Nesse livro de pouco volume mas de muito conteúdo, o autor se aprofunda no
passado histórico para desvendar a trajetória dessas e de outras tribos
desde o alvorecer do Estado do Piauí. Valendo-se da escassa bibliografia
existente e de documentos descobertos em pesquisas próprias, descreve como
se deram os aldeamentos indígenas de São João de Sende e São Gonçalo de
Amarante, hoje a cidade de Regeneração, fundada em 1772. Foi o mais
importante aldeamento da então Capitania, onde os indígenas resistiram por
mais longo tempo “à sanha do colonizador branco e chegando até o período
provincial.” Revelaram os antigos donos daquelas terras impressionante
espírito de luta, rebelando-se, recusando-se a plantar, encetando fugas em
massa e reclamando seus direitos, inclusive em viagens para contatos
diretos com as autoridades responsáveis.Mas o elemento branco acabou
dominando, como de resto em todo o país, e o indígena sucumbiu em face da
exploração no trabalho, da dureza do tratamento, da fome e da doença, dos
morticínios e perseguições, além da miscigenação. Não obstante, o sangue
índio permaneceu no substrato, denunciando sua presença no caráter do povo
de Regeneração, nome que bem simboliza o seu ideal de construir um futuro
de justiça e paz.
Lá como aqui, a violência sem limites acompanhou a invasão branca das
terras indígenas.

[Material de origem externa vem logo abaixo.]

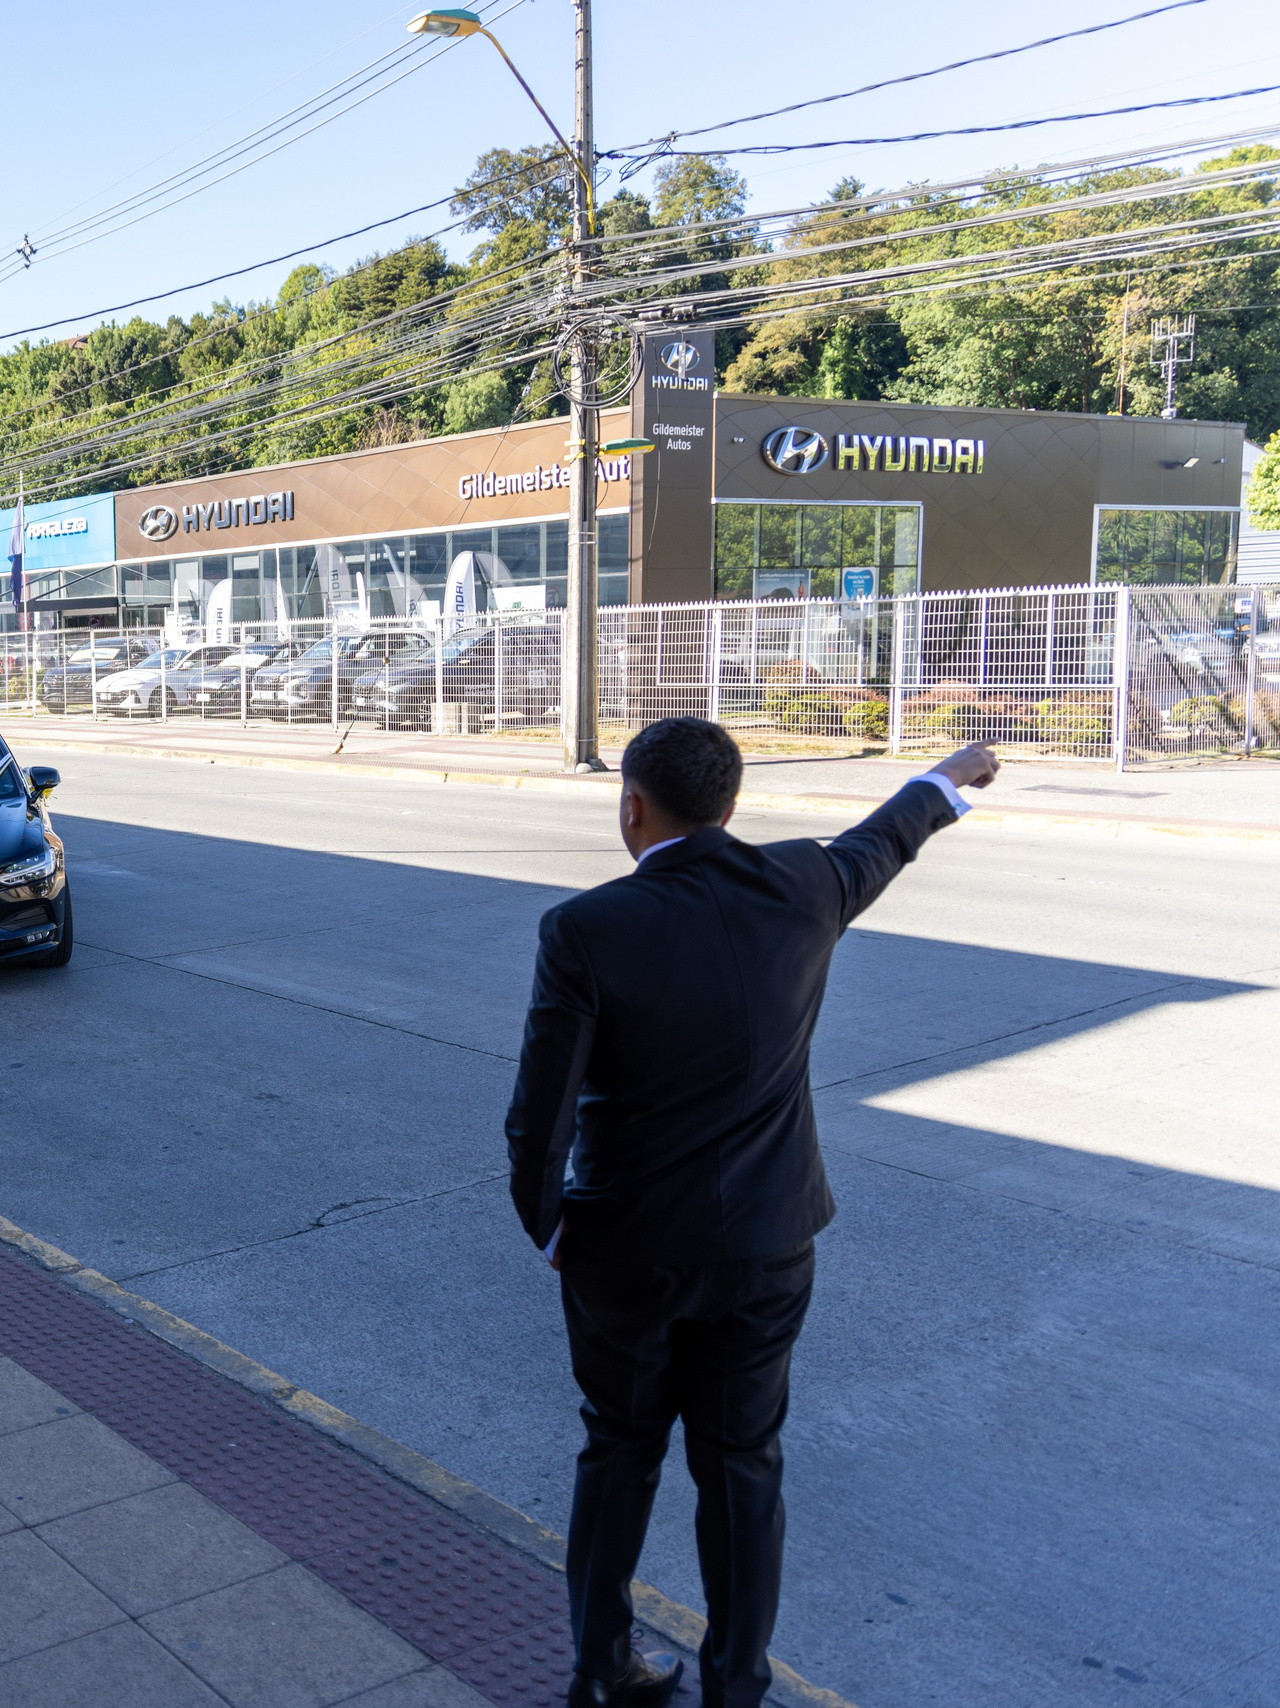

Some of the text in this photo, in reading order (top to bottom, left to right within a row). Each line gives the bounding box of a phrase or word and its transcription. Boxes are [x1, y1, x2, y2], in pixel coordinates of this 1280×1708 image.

Num procedimento que caracterizaria hoje autêntico
terrorismo estatal, os morticínios se sucederam (o autor os define como
indiocídios), a redução dos índios à condição de escravos, as prisões
em verdadeiros campos de concentração, o uso do tronco e da chibata,
medidas que, a rigor, seriam desnecessárias, uma vez que o branco,
detentor de tecnologia muito mais avançada, não sofria ameaça real por
parte do indígena. Aqui em Santa Catarina se notabilizaram os bugreiros,
especialistas no extermínio dos bugres, alguns deles mantendo verdadeiros
esquadrões da morte. Atacavam os indígenas pela madrugada, quando ainda
dormiam, semeando o terror, passando os homens pelas armas e até algumas
mulheres mais valentes, aprisionando moças e crianças, depois levadas para
trabalhar em casas de família. Tudo isso mantido com as contribuições de
empresários e aos olhos de todas as autoridades. Muito escrevi sobre isso,
como também o fez o Prof. Sílvio Coelho dos Santos.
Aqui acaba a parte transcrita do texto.